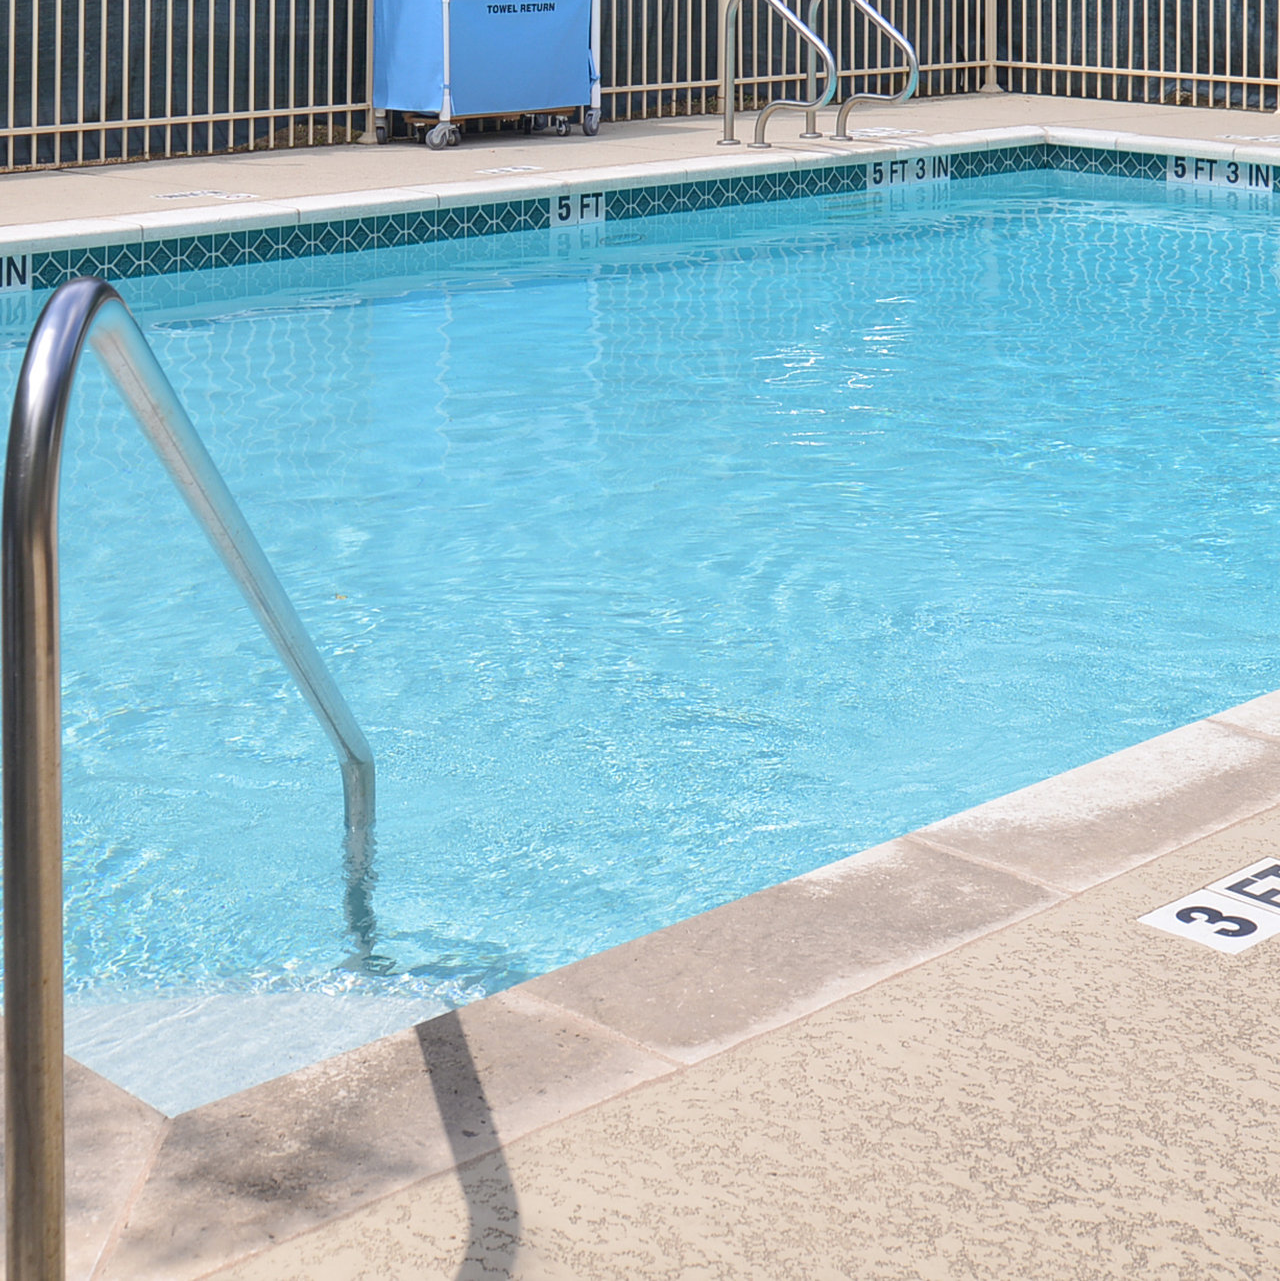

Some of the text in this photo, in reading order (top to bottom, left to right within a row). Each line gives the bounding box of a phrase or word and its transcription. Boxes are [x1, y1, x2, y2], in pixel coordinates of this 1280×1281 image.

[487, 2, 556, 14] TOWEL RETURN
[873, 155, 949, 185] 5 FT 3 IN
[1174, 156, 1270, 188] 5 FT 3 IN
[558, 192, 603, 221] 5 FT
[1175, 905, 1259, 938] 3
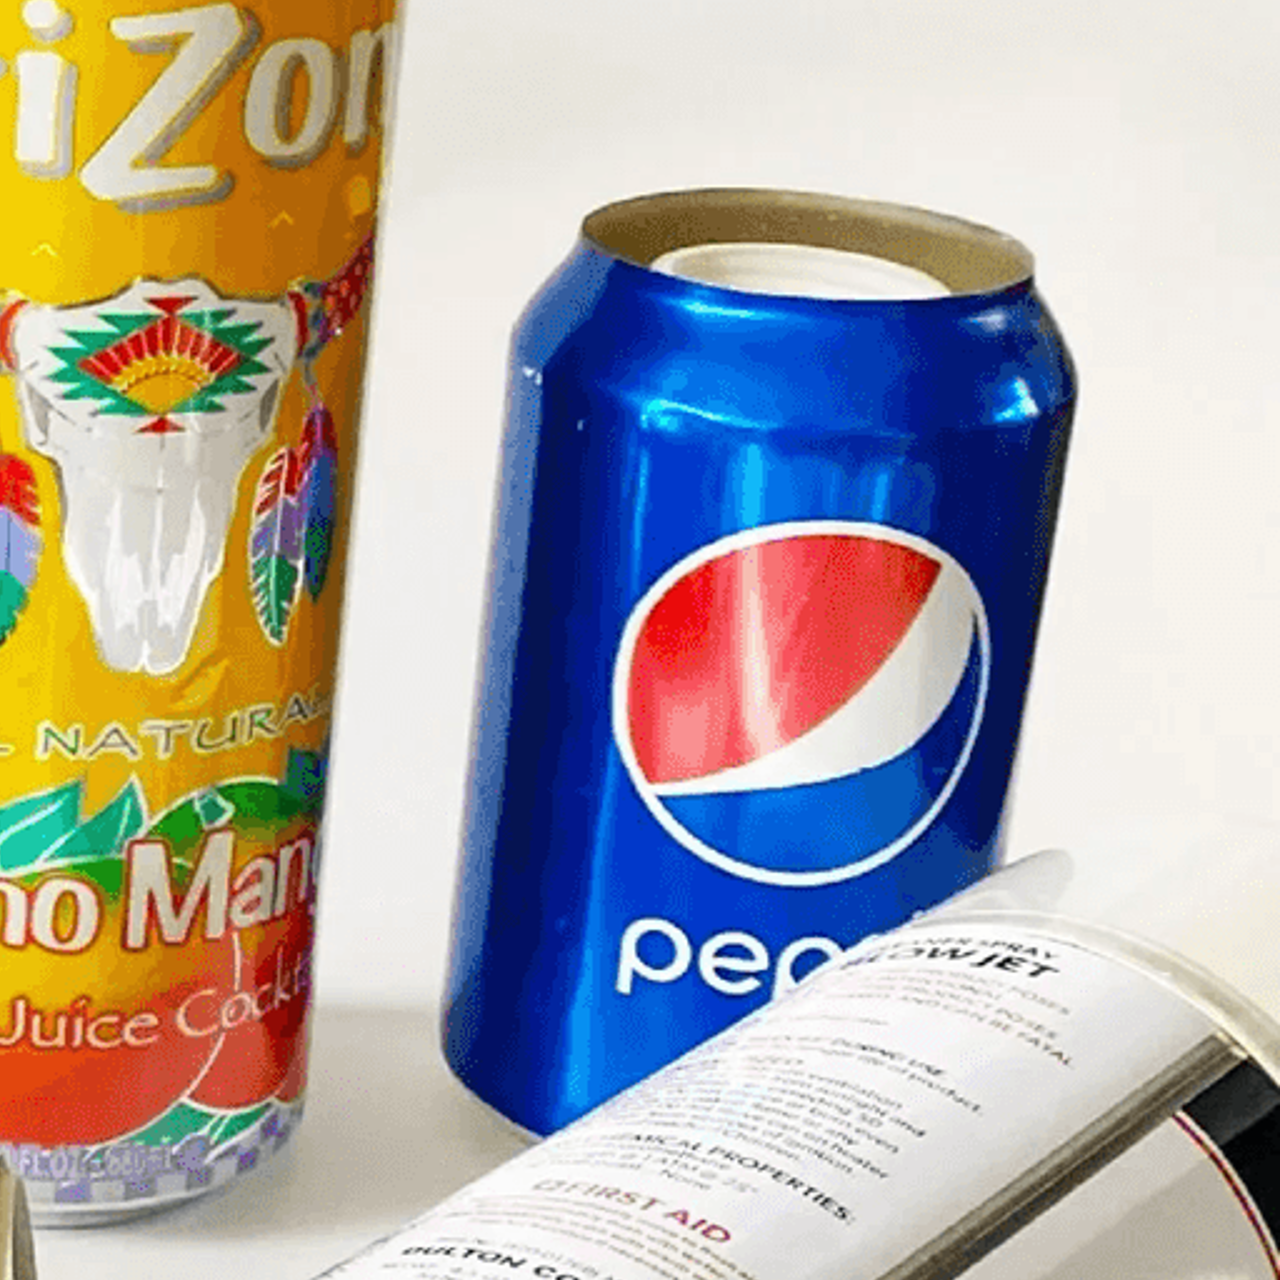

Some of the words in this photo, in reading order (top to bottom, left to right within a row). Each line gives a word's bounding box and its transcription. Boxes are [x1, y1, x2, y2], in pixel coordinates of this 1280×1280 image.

> [Instructions to follow]: Leave out every picture and transcribe the remaining entries exactly.

> [Reply]:
Some of the text in this photo, in reading order (top to bottom, left to right within a row). Each line gives the bounding box of a phrase or word and its transcription. Boxes are [x1, y1, x2, y2], in pixel coordinates of this 1280×1281 image.

[487, 2, 556, 14] TOWEL RETURN
[873, 155, 949, 185] 5 FT 3 IN
[1174, 156, 1270, 188] 5 FT 3 IN
[558, 192, 603, 221] 5 FT
[1175, 905, 1259, 938] 3

Some of the words in this photo, in reading order (top to bottom, left to right within a row). Each line gives a word's bounding box and its transcription. Boxes are [x1, y1, x2, y2], in pixel coordinates of this 1280×1280 image.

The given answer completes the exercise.